- _Work item_
Would you return the data below exactly as it stands, with every picture left out?

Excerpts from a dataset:
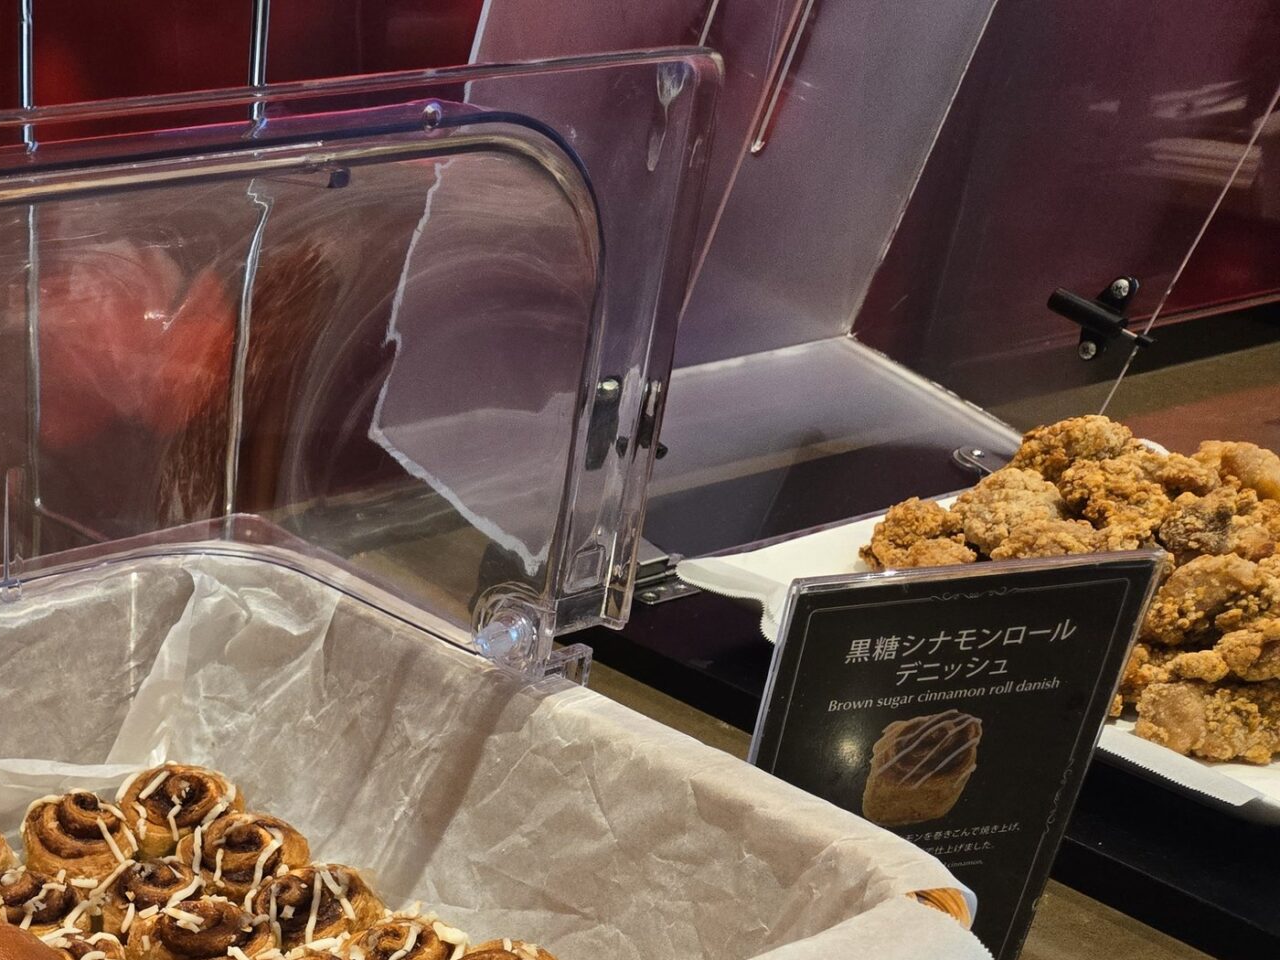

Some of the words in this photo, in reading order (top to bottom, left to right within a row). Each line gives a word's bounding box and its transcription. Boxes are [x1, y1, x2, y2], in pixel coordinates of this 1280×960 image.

[844, 619, 1077, 664] 黒糖シナモンロール
[895, 656, 1009, 686] デニッシュ
[827, 699, 873, 712] Brown
[876, 695, 915, 709] sugar
[917, 687, 986, 703] cinnamon
[989, 681, 1014, 695] roll
[1016, 676, 1061, 692] danish

- _Result below_
Some of the words in this photo, in reading order (top to bottom, left to right within a row). Each line gives a word's bounding box and its transcription. Boxes are [x1, y1, x2, y2], in pixel coordinates of this 1280×960 image.

[844, 619, 1077, 664] 黒糖シナモンロール
[895, 656, 1009, 686] デニッシュ
[827, 699, 873, 712] Brown
[876, 695, 915, 709] sugar
[917, 687, 986, 703] cinnamon
[989, 681, 1014, 695] roll
[1016, 676, 1061, 692] danish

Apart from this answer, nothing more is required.